Polish politician (born 1966)

Filip Andrzej Kaczmarek (born 22 November 1966 in Poznań) is a Polish politician and Member of the European Parliament.

==Early life==
Kaczmarek was born in Poznań. He graduated from the History Department at Adam Mickiewicz University in Poznań. In 2005 he earned a PhD in Political Sciences at Adam Mickiewicz University. His wife Beata Machowska-Kaczmarek is a journalist and his son is Ignacy.

==Career==
In the beginning of the 90’s he chaired the National Coordination Committee for the Independent Students’ Union at Adam Mickiewicz University. In 1994 Kaczmarek took part in the foundation of the Young Democrats Association. As a member of the Sejm (1991–1993) he was inter alia a member of the Parliamentary Committee on the Europe Agreement. In 2001 he took part in founding the Civic Platform in Poznań. He was a co-founder of the Civic Platform Councillors Club of Poznań City Council and the Civic Platform structures in Poznań. From 1998 to 2002 Kaczmarek was the Councillor and Deputy Leader of Poznań City Council. In 2003 he created the European Funds Bureau in Poznań City Council becoming its first director. In 2010 he became head of Civic Platform in Poznań.

=== Europe ===
Kaczmarek was a member of the Sejm in 1992. He postulated that Poland should apply for complete membership in the European Community. In 1993 he was a co-founder of an organisation that later transformed into the Centre for European Research and Education in Poznań. In 1996 Kaczmarek was a co-initiator of International Youth Centre in Mikuszewo. Until 2007 he was the Chairman of the Independent Initiatives Association. The Association organized among other things the European Youth Meeting (Poznań 2003). In 1996 he received a scholarship from The German Marshall Fund.

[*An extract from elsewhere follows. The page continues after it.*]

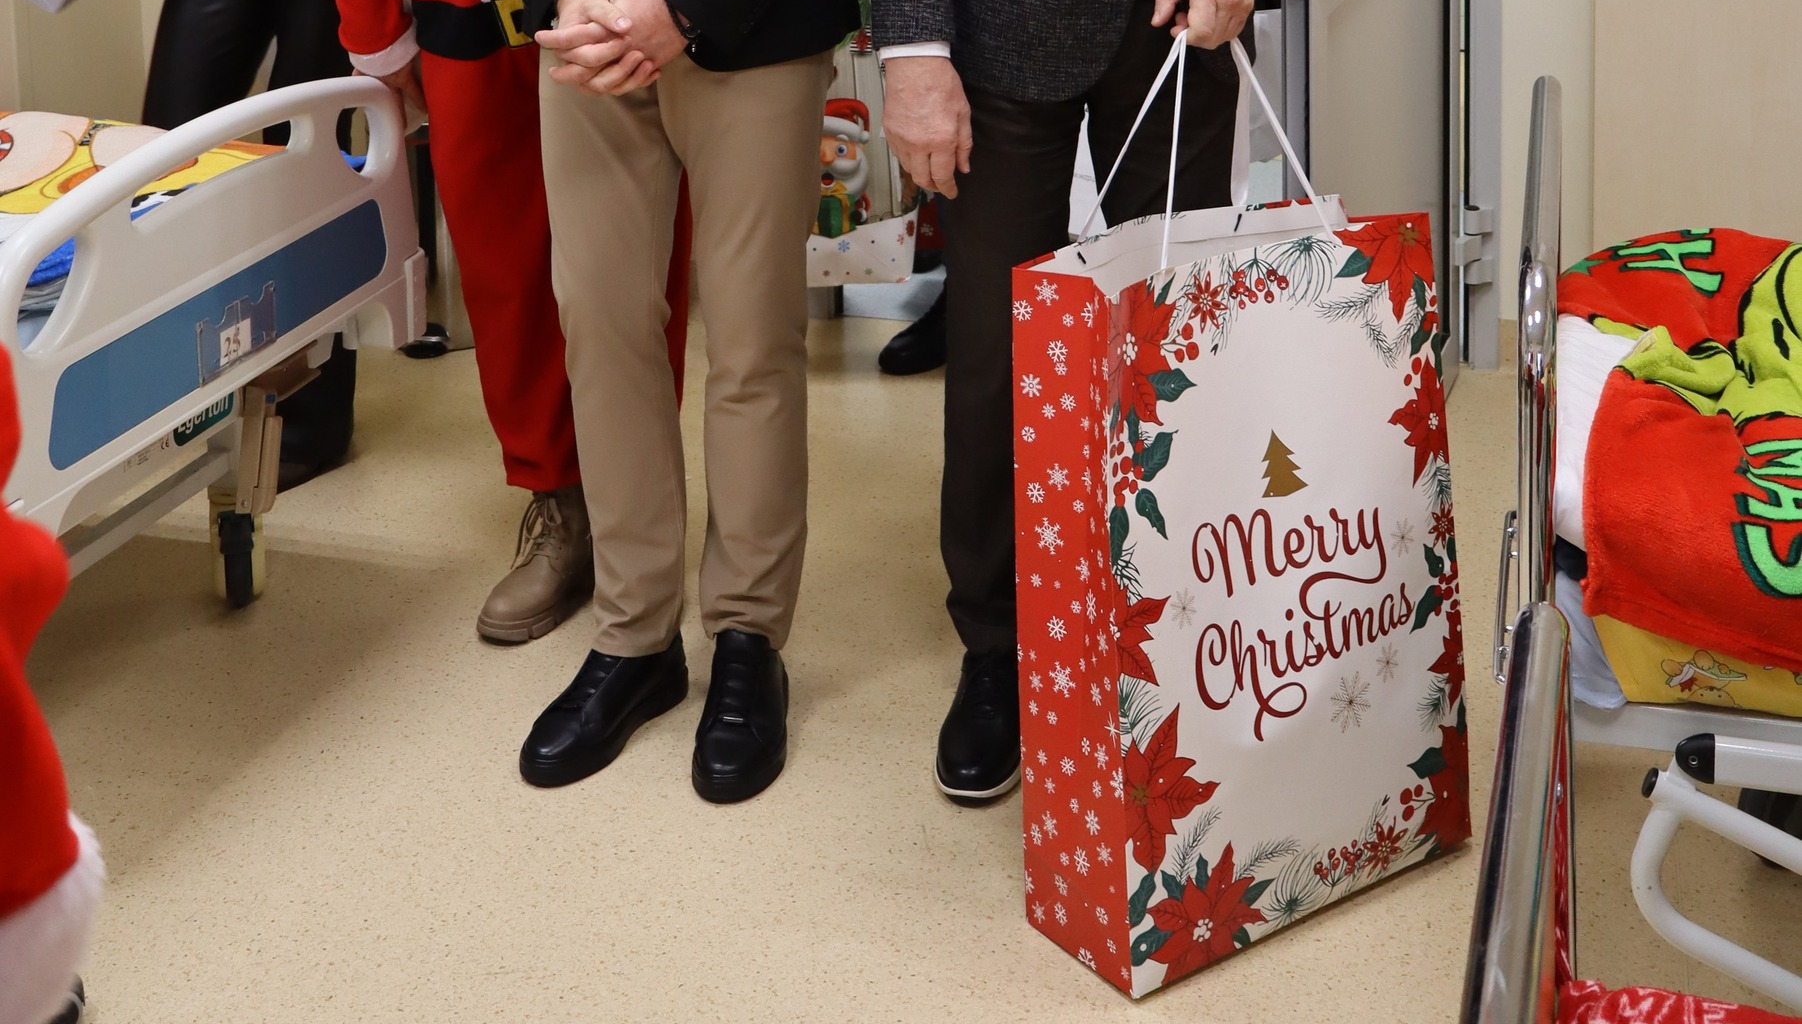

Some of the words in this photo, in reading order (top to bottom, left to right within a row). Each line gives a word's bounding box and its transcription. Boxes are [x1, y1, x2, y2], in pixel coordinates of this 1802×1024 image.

[224, 326, 241, 358] 25
[1192, 506, 1387, 598] Merry
[1194, 581, 1415, 742] Christmas

=== European Parliament ===
In 2004 Kaczmarek became a Member of the European Parliament. He adheres to the European People's Party like other Civic Party MEPs. He is the Coordinator of EPP Group in the Committee on Development that brings help to developing countries and supports democratic transformations there. Kaczmarek is also a member of the Committee on Agriculture and Rural Development where he is mostly concerned with the Polish agriculture. In 2009 his work in the Committee on Development was appreciated and he received an award as best MEP in the category of development politics. He is a member of the Delegation for Relations with the Pan-African Parliament, the Delegation to the ACP-EU Joint Parliamentary Assembly and a deputy member of the Delegation for relations with Israel.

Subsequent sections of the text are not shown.